*** Block opens ***

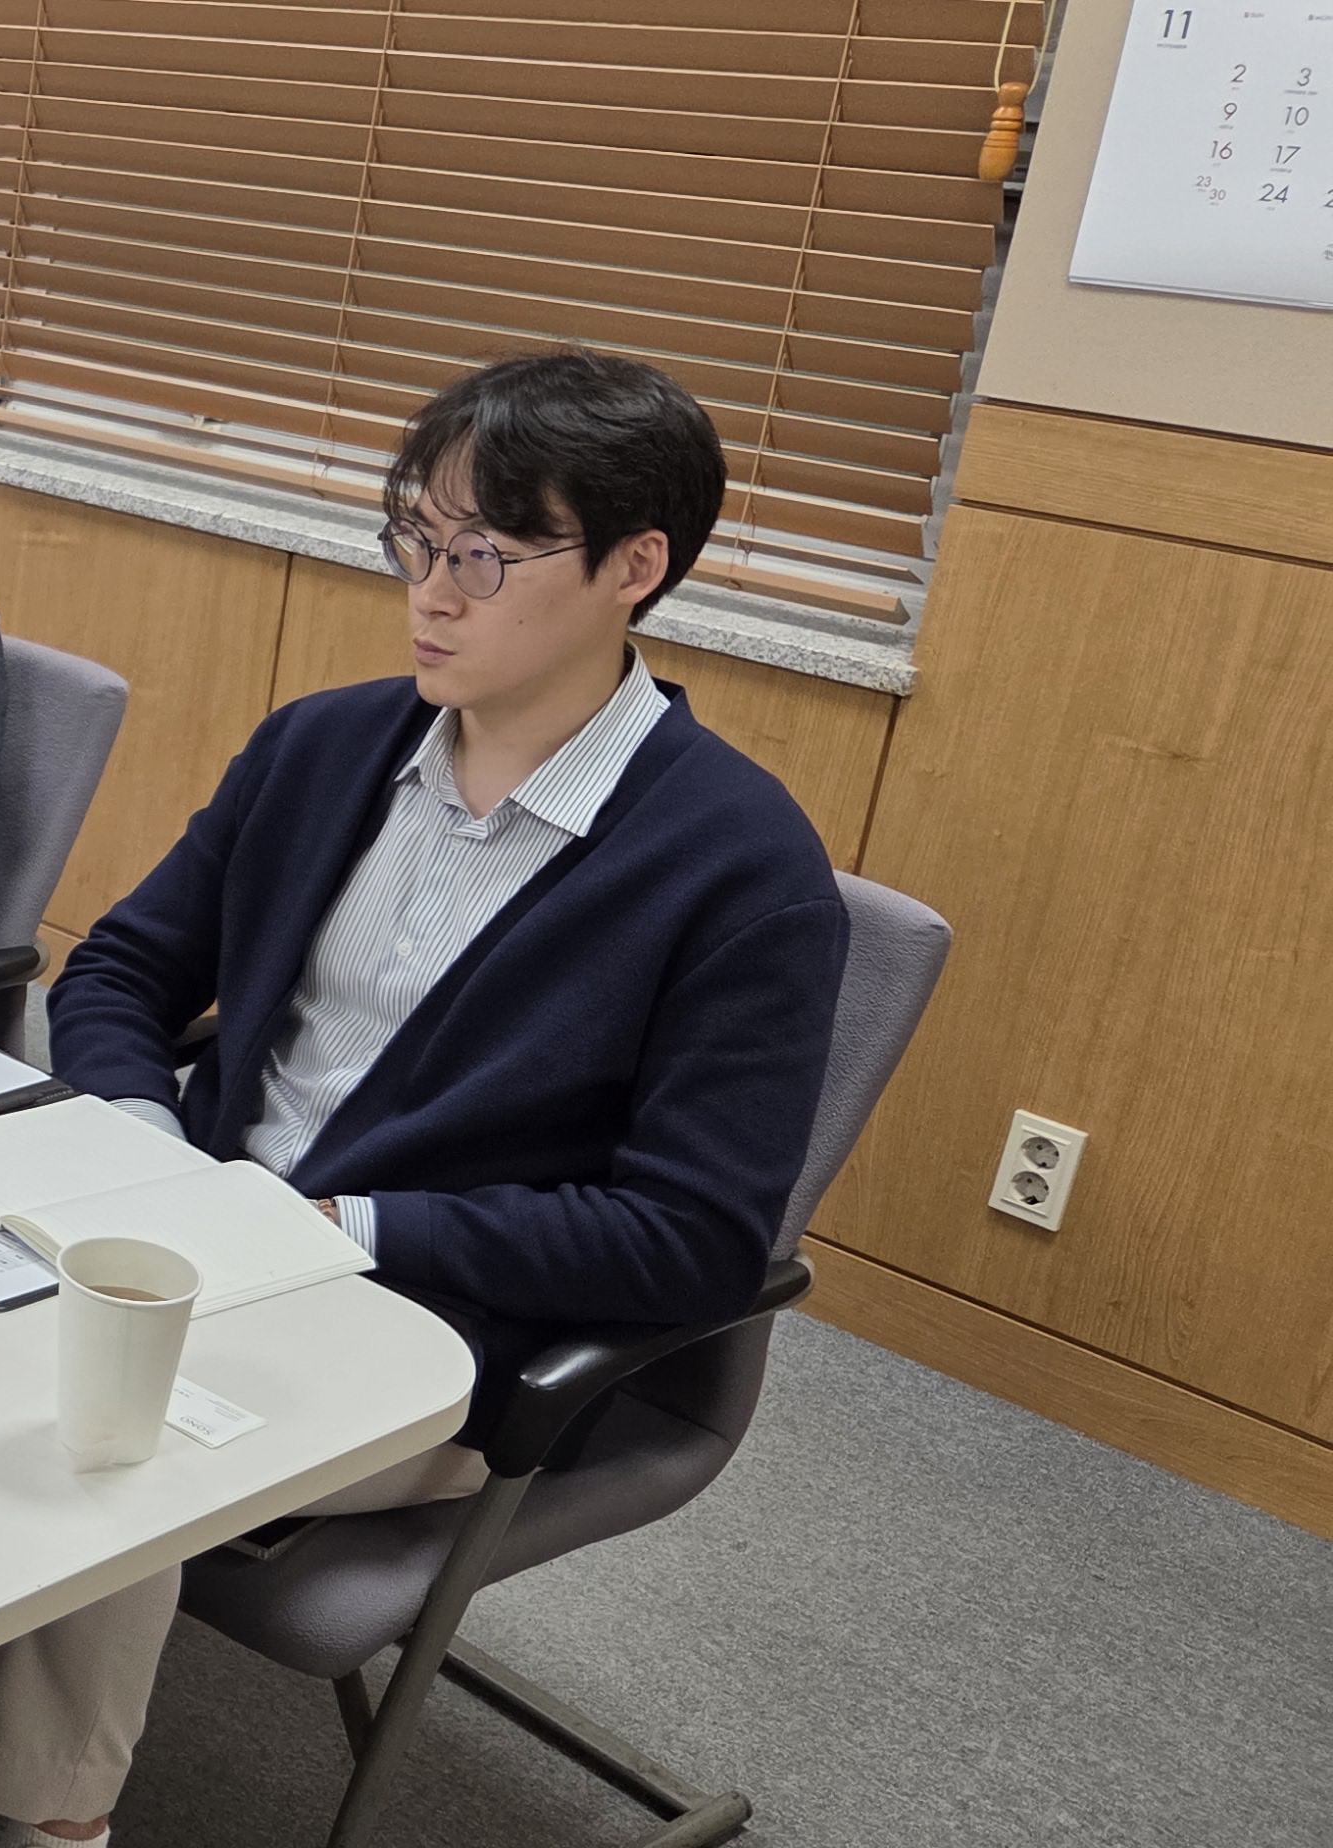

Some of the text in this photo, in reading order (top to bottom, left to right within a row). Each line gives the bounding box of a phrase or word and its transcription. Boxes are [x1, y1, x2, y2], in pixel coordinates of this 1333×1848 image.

[1162, 10, 1193, 39] 11
[1231, 64, 1312, 87] 2 3
[1223, 102, 1309, 126] 9 10
[1210, 140, 1302, 164] 16 17
[1195, 176, 1212, 187] 23
[1258, 183, 1290, 203] 24
[1209, 189, 1226, 200] 30

*** Block closes ***

**WORK REQUIRED:**
The listing above needs to be output again exactly. Don't include the pictures.

**ANSWER SECTION:**
Some of the text in this photo, in reading order (top to bottom, left to right within a row). Each line gives the bounding box of a phrase or word and its transcription. Boxes are [x1, y1, x2, y2], in pixel coordinates of this 1333×1848 image.

[1162, 10, 1193, 39] 11
[1231, 64, 1312, 87] 2 3
[1223, 102, 1309, 126] 9 10
[1210, 140, 1302, 164] 16 17
[1195, 176, 1212, 187] 23
[1258, 183, 1290, 203] 24
[1209, 189, 1226, 200] 30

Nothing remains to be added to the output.